INFORMATION GIVEN:

--- START ---

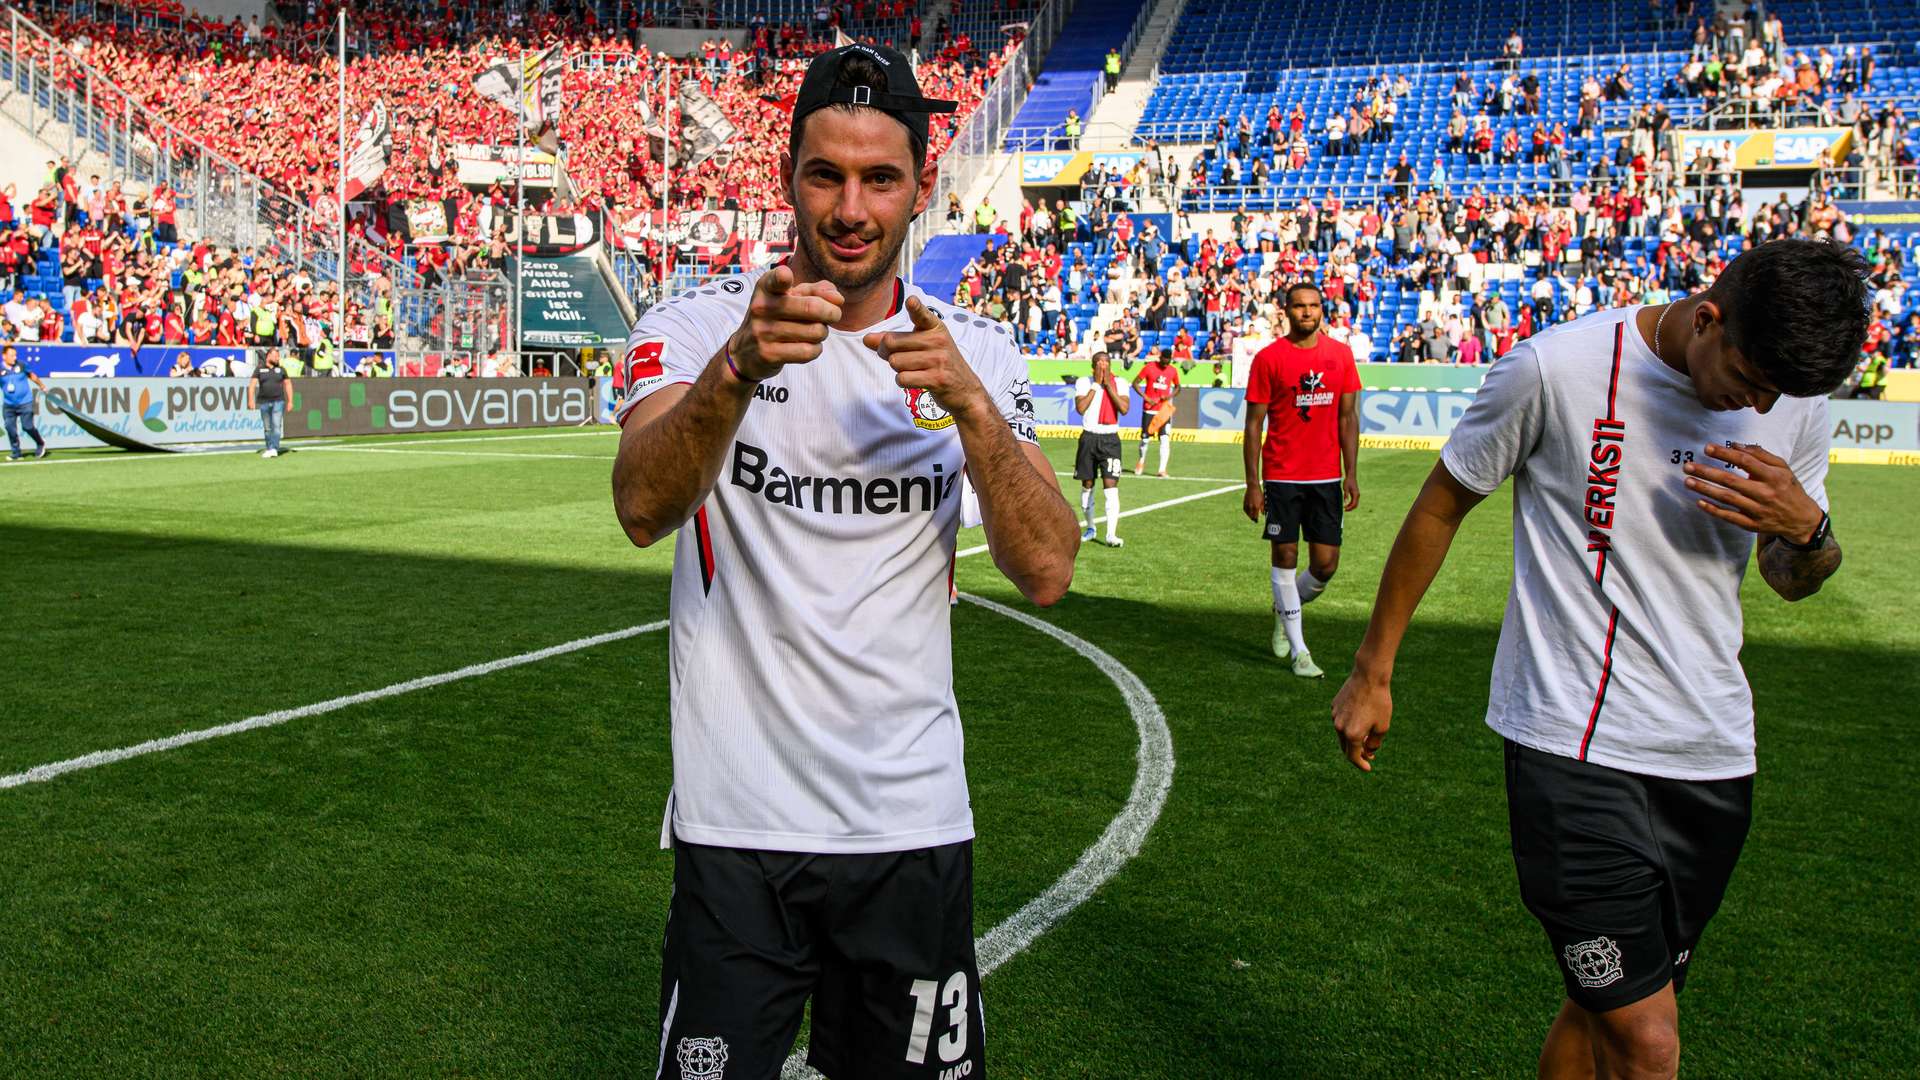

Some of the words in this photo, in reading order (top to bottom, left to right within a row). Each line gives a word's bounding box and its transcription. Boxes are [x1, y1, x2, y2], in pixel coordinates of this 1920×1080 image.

[1775, 138, 1829, 160] SAP
[1023, 158, 1065, 178] SAP
[522, 261, 559, 270] Zero
[525, 289, 583, 298] andere
[531, 279, 570, 288] Alles
[752, 383, 789, 404] AKO
[388, 381, 585, 428] sovanta
[1362, 393, 1474, 436] SAP
[173, 413, 263, 434] internationa
[916, 418, 953, 428] Leverkuse
[1832, 418, 1894, 445] App
[1359, 437, 1431, 449] nterwetten
[1670, 449, 1694, 465] 33
[1582, 971, 1620, 986] Leverkusen
[905, 970, 968, 1065] 13
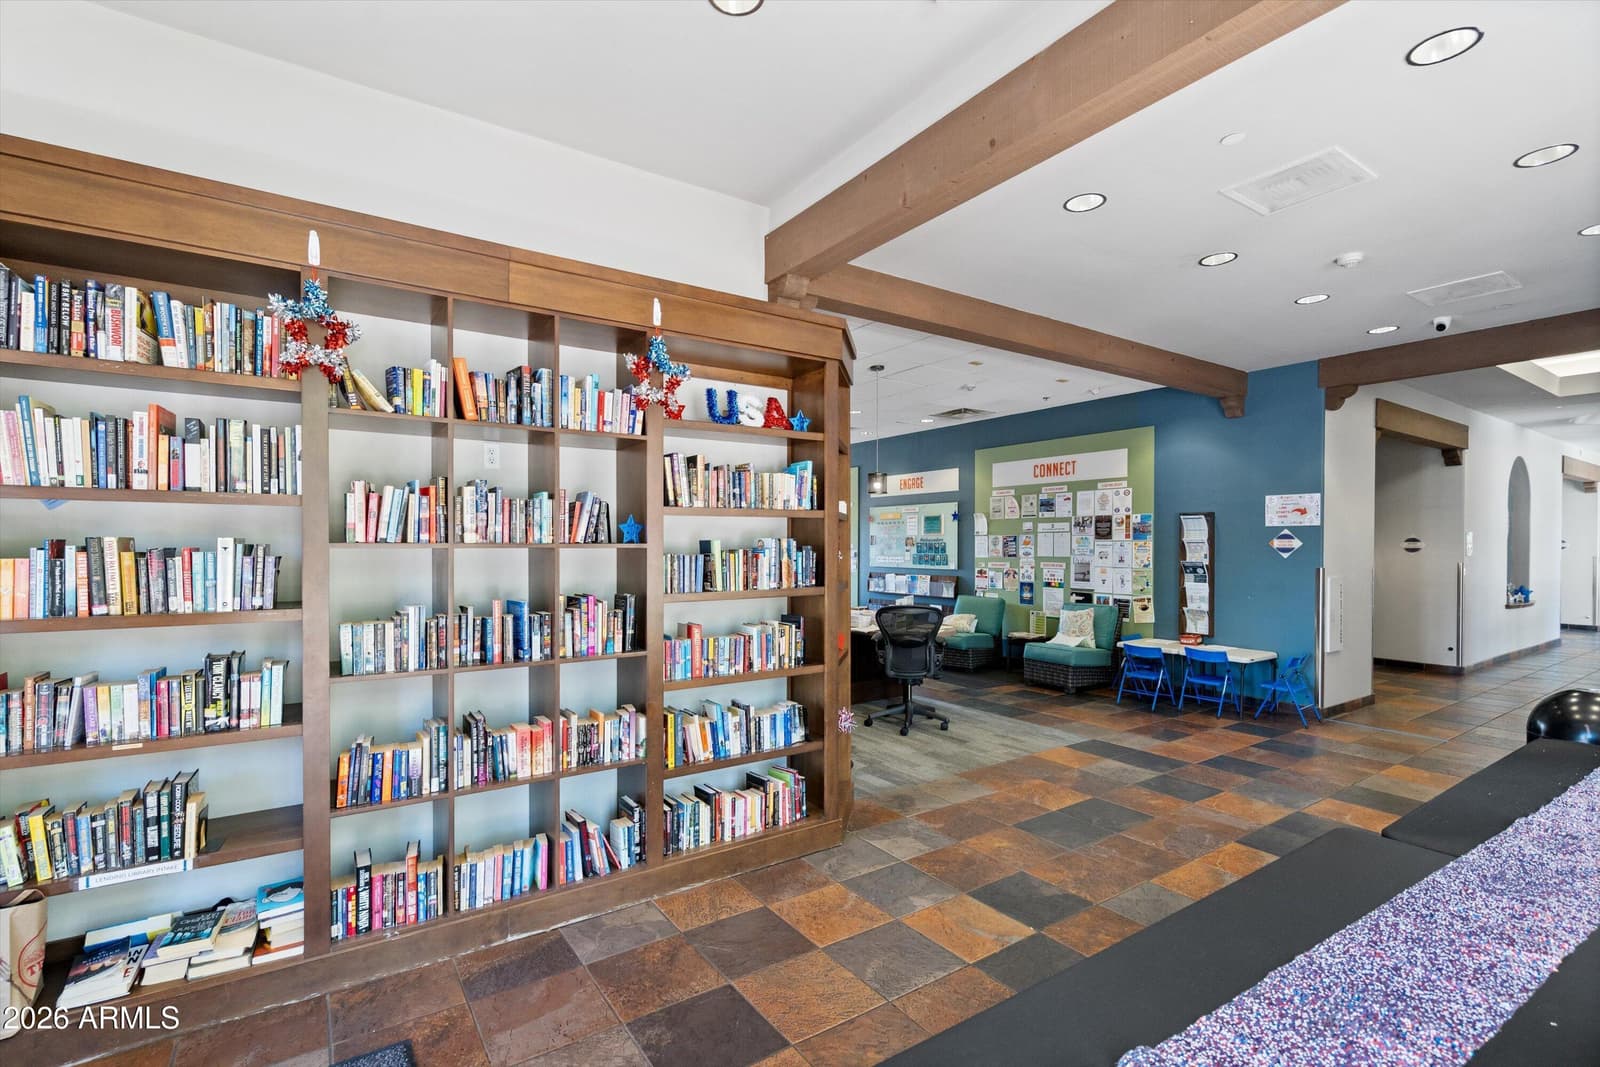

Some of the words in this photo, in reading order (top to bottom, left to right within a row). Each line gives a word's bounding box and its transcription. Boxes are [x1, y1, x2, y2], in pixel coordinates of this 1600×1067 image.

[62, 302, 70, 326] BELOW
[74, 295, 82, 321] Krakatoa
[706, 387, 792, 430] USA
[1033, 460, 1077, 479] CONNECT
[900, 476, 924, 490] ENGAGE
[213, 661, 224, 675] TOM
[212, 676, 224, 700] CLANCY
[359, 890, 369, 910] WHITE
[358, 911, 369, 929] NINJA
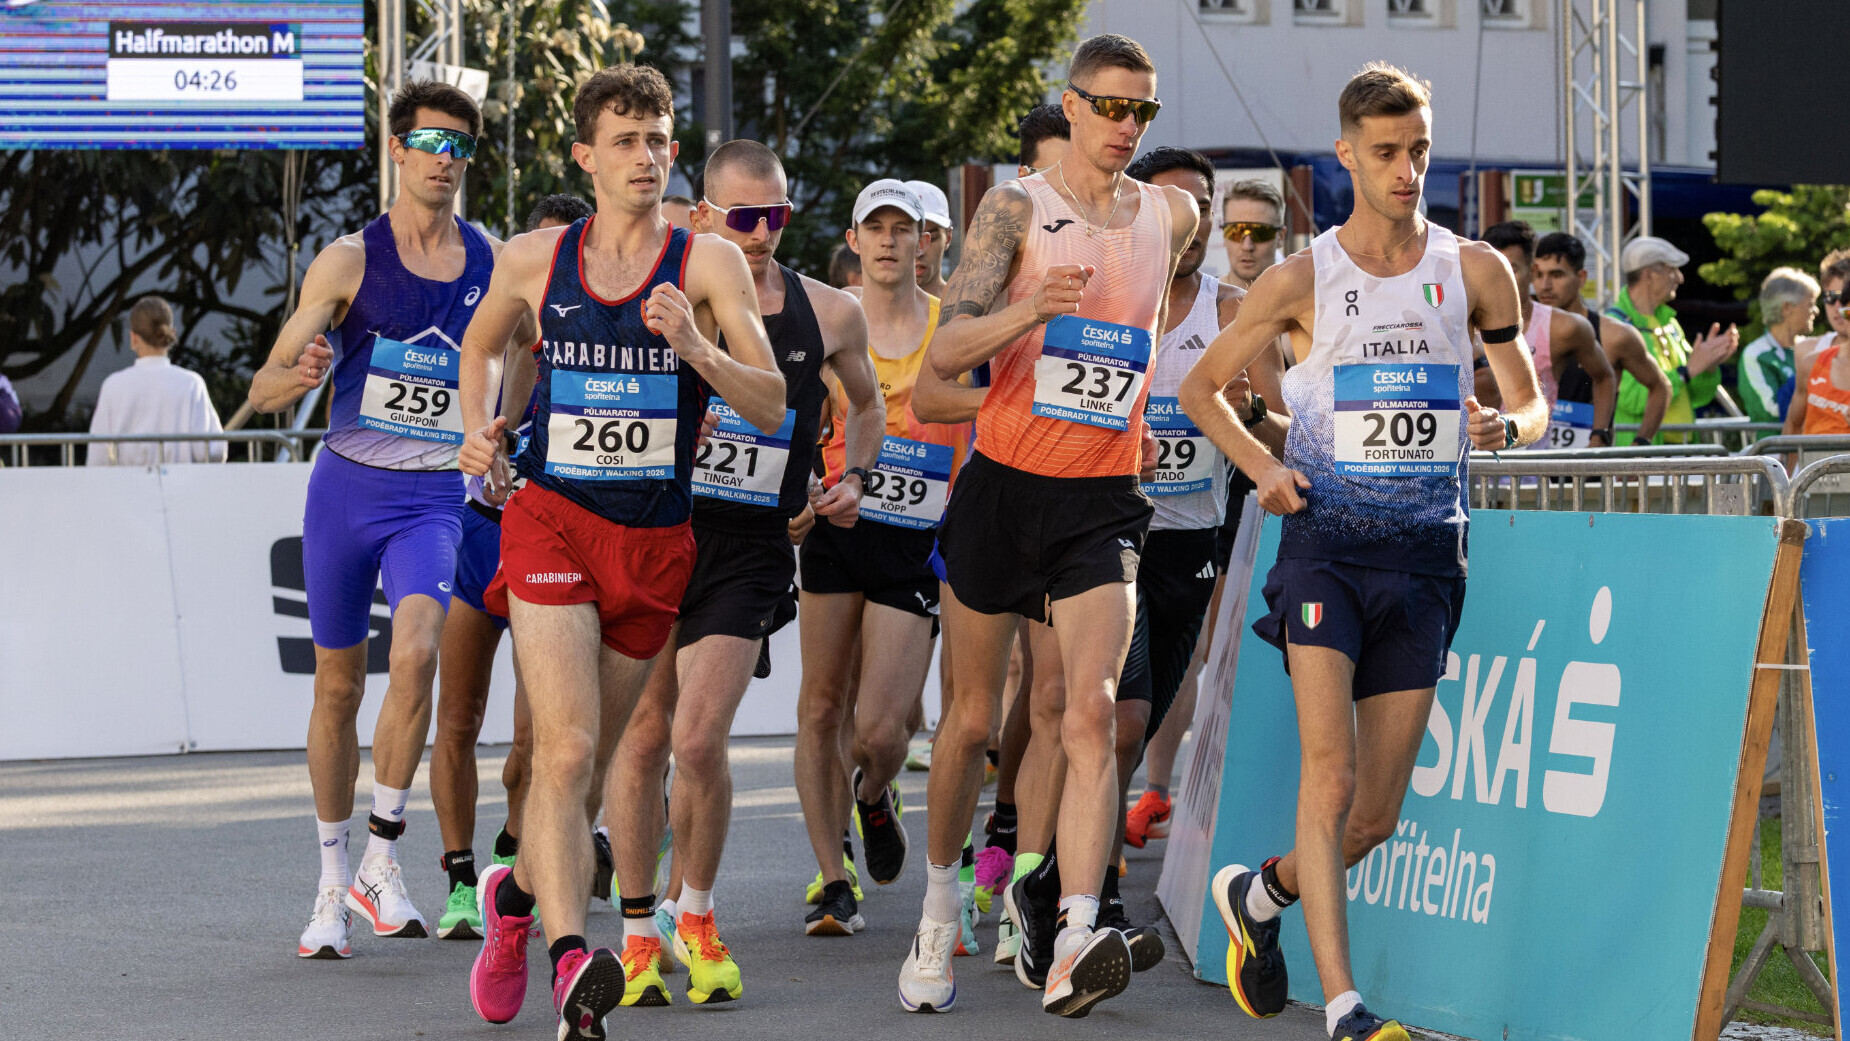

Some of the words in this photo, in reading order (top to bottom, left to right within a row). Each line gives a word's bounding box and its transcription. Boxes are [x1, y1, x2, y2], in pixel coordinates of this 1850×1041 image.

[115, 27, 269, 54] Halfmarathon
[272, 31, 295, 54] M
[174, 69, 237, 91] 04:26
[1082, 324, 1119, 342] ČESKÁ
[1373, 322, 1423, 331] FRECCIAROSSA
[1081, 338, 1114, 350] spořitelna
[1363, 339, 1430, 358] ITALIA
[404, 349, 437, 365] ČESKÁ
[1078, 353, 1130, 367] PŮLMARATON
[400, 374, 446, 387] PŮLMARATON
[1061, 362, 1135, 402] 237
[1373, 369, 1415, 384] ČESKÁ
[585, 377, 625, 393] ČESKÁ
[1373, 384, 1411, 393] spořitelna
[384, 382, 451, 417] 259
[584, 393, 621, 401] spořitelna
[584, 407, 640, 417] PŮLMARATON
[708, 402, 741, 418] ČESK
[1080, 398, 1113, 413] LINKE
[1373, 401, 1428, 409] PŮLMARATON
[390, 412, 438, 428] GIUPPONI
[1040, 406, 1089, 421] PODĚBRADY
[1090, 414, 1125, 428] WALKING
[365, 419, 408, 433] PODĚBRADY
[410, 429, 440, 439] WALKING
[573, 418, 650, 454] 260
[1362, 412, 1437, 447] 209
[712, 431, 757, 443] LMARATON
[882, 440, 915, 456] ČESKÁ
[1158, 439, 1196, 470] 29
[1365, 449, 1434, 459] FORTUNATO
[596, 455, 624, 465] COSI
[694, 442, 759, 478] 221
[553, 465, 604, 477] PODĚBRADY
[605, 469, 644, 477] WALKING
[645, 468, 666, 476] 2026
[878, 463, 924, 476] PŮLMARATON
[1156, 471, 1185, 481] TADO
[1344, 464, 1397, 473] PODĚBRADY
[1399, 465, 1432, 473] WALKING
[1433, 465, 1450, 473] 2026
[703, 472, 744, 487] TINGAY
[691, 484, 717, 495] BRADY
[718, 489, 752, 501] WALKING
[866, 471, 928, 505] 239
[1157, 484, 1190, 493] WALKING
[880, 502, 907, 513] KÖPP
[888, 516, 917, 526] WALKING
[526, 572, 582, 584] CARABINIERI
[1411, 619, 1546, 809] SKÁ
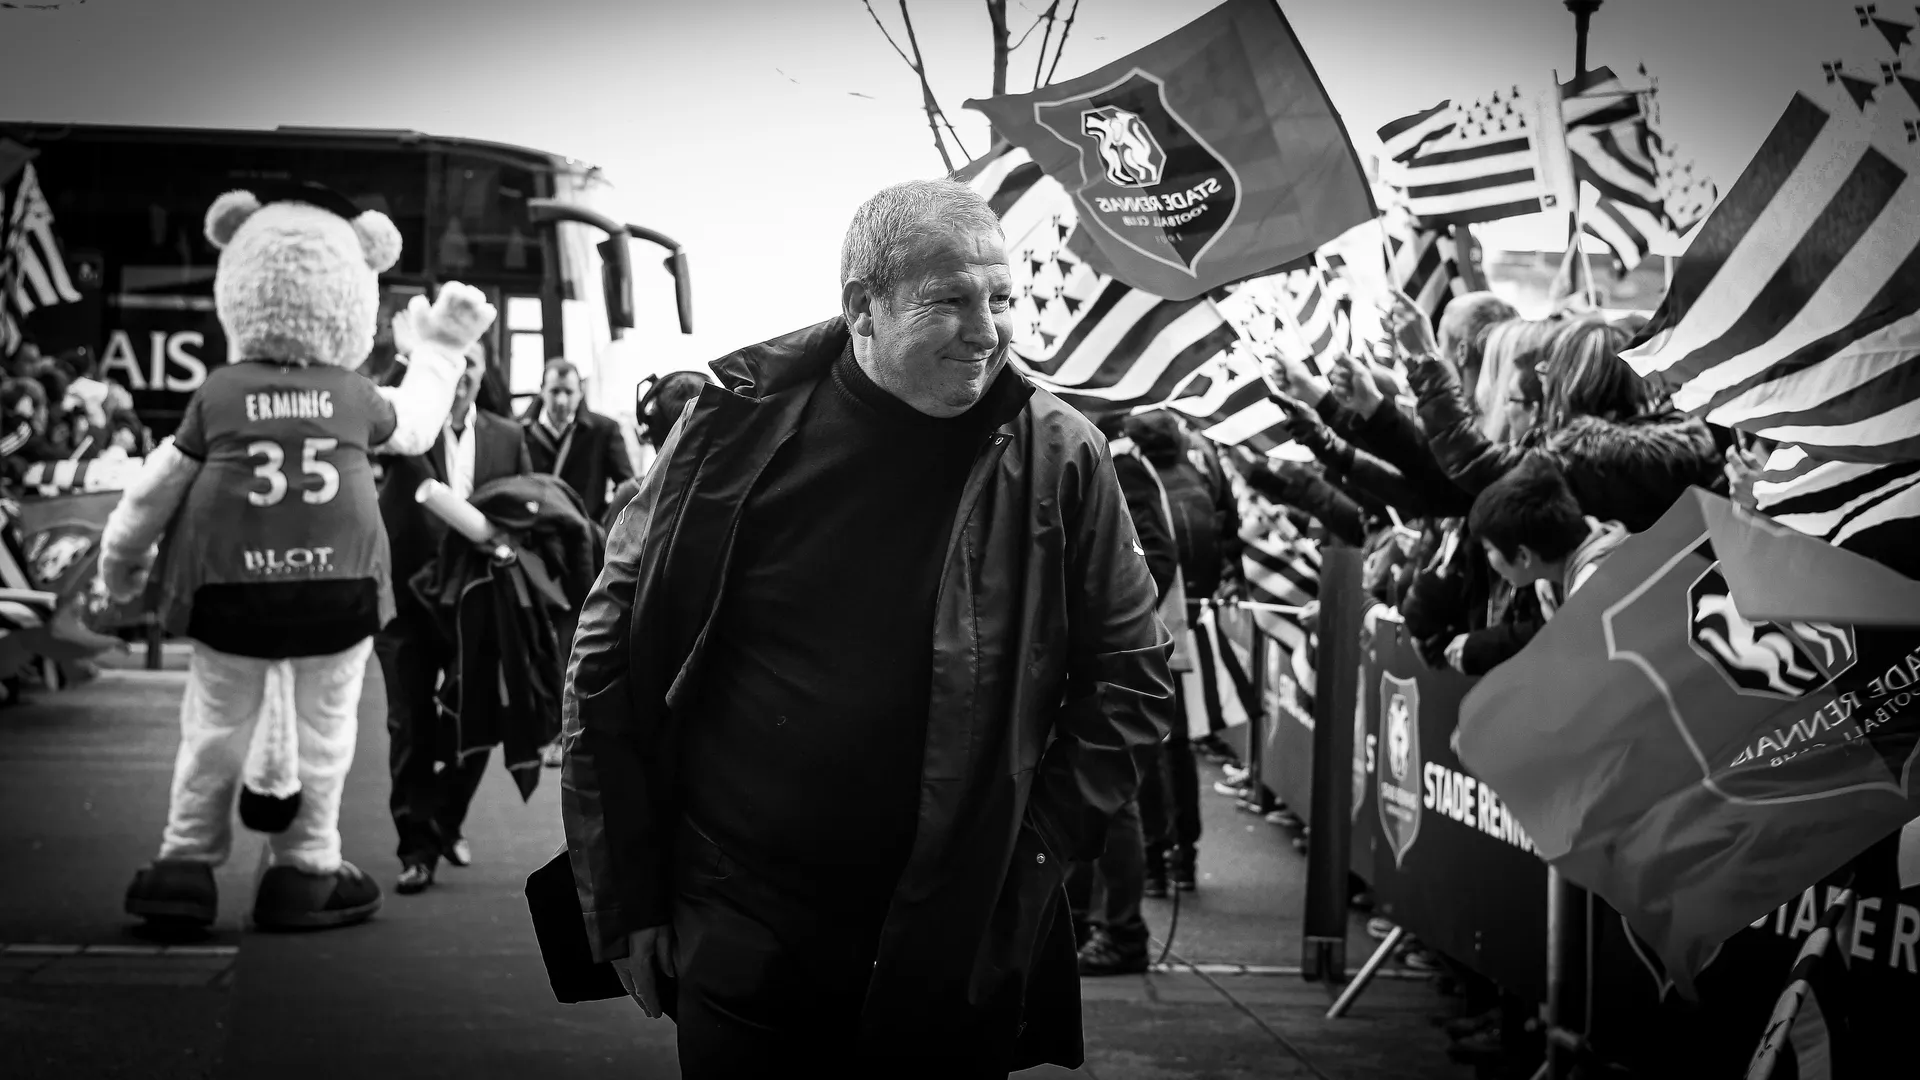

--- END ---

Set down the data again, exactly, without images.

REPLY:
Some of the words in this photo, in reading order (top to bottom, left to right within a row). Each line gives a word's bounding box and its transcription. Boxes are [x1, y1, x2, y2], in pixel coordinates of this 1920×1080 image.

[1775, 138, 1829, 160] SAP
[1023, 158, 1065, 178] SAP
[522, 261, 559, 270] Zero
[525, 289, 583, 298] andere
[531, 279, 570, 288] Alles
[752, 383, 789, 404] AKO
[388, 381, 585, 428] sovanta
[1362, 393, 1474, 436] SAP
[173, 413, 263, 434] internationa
[916, 418, 953, 428] Leverkuse
[1832, 418, 1894, 445] App
[1359, 437, 1431, 449] nterwetten
[1670, 449, 1694, 465] 33
[1582, 971, 1620, 986] Leverkusen
[905, 970, 968, 1065] 13

Some of the words in this photo, in reading order (top to bottom, left to right within a row). Each line gives a word's bounding box and its transcription. Boxes are [x1, y1, x2, y2], in pixel coordinates of this 1600×1067 image.

[62, 302, 70, 326] BELOW
[74, 295, 82, 321] Krakatoa
[706, 387, 792, 430] USA
[1033, 460, 1077, 479] CONNECT
[900, 476, 924, 490] ENGAGE
[213, 661, 224, 675] TOM
[212, 676, 224, 700] CLANCY
[359, 890, 369, 910] WHITE
[358, 911, 369, 929] NINJA

Some of the words in this photo, in reading order (top to bottom, left to right within a row). Each line gives a word's bounding box and its transcription. Boxes are [x1, y1, x2, y2], in pixel coordinates of this 1850×1041 image.

[115, 27, 269, 54] Halfmarathon
[272, 31, 295, 54] M
[174, 69, 237, 91] 04:26
[1082, 324, 1119, 342] ČESKÁ
[1373, 322, 1423, 331] FRECCIAROSSA
[1081, 338, 1114, 350] spořitelna
[1363, 339, 1430, 358] ITALIA
[404, 349, 437, 365] ČESKÁ
[1078, 353, 1130, 367] PŮLMARATON
[400, 374, 446, 387] PŮLMARATON
[1061, 362, 1135, 402] 237
[1373, 369, 1415, 384] ČESKÁ
[585, 377, 625, 393] ČESKÁ
[1373, 384, 1411, 393] spořitelna
[384, 382, 451, 417] 259
[584, 393, 621, 401] spořitelna
[584, 407, 640, 417] PŮLMARATON
[708, 402, 741, 418] ČESK
[1080, 398, 1113, 413] LINKE
[1373, 401, 1428, 409] PŮLMARATON
[390, 412, 438, 428] GIUPPONI
[1040, 406, 1089, 421] PODĚBRADY
[1090, 414, 1125, 428] WALKING
[365, 419, 408, 433] PODĚBRADY
[410, 429, 440, 439] WALKING
[573, 418, 650, 454] 260
[1362, 412, 1437, 447] 209
[712, 431, 757, 443] LMARATON
[882, 440, 915, 456] ČESKÁ
[1158, 439, 1196, 470] 29
[1365, 449, 1434, 459] FORTUNATO
[596, 455, 624, 465] COSI
[694, 442, 759, 478] 221
[553, 465, 604, 477] PODĚBRADY
[605, 469, 644, 477] WALKING
[645, 468, 666, 476] 2026
[878, 463, 924, 476] PŮLMARATON
[1156, 471, 1185, 481] TADO
[1344, 464, 1397, 473] PODĚBRADY
[1399, 465, 1432, 473] WALKING
[1433, 465, 1450, 473] 2026
[703, 472, 744, 487] TINGAY
[691, 484, 717, 495] BRADY
[718, 489, 752, 501] WALKING
[866, 471, 928, 505] 239
[1157, 484, 1190, 493] WALKING
[880, 502, 907, 513] KÖPP
[888, 516, 917, 526] WALKING
[526, 572, 582, 584] CARABINIERI
[1411, 619, 1546, 809] SKÁ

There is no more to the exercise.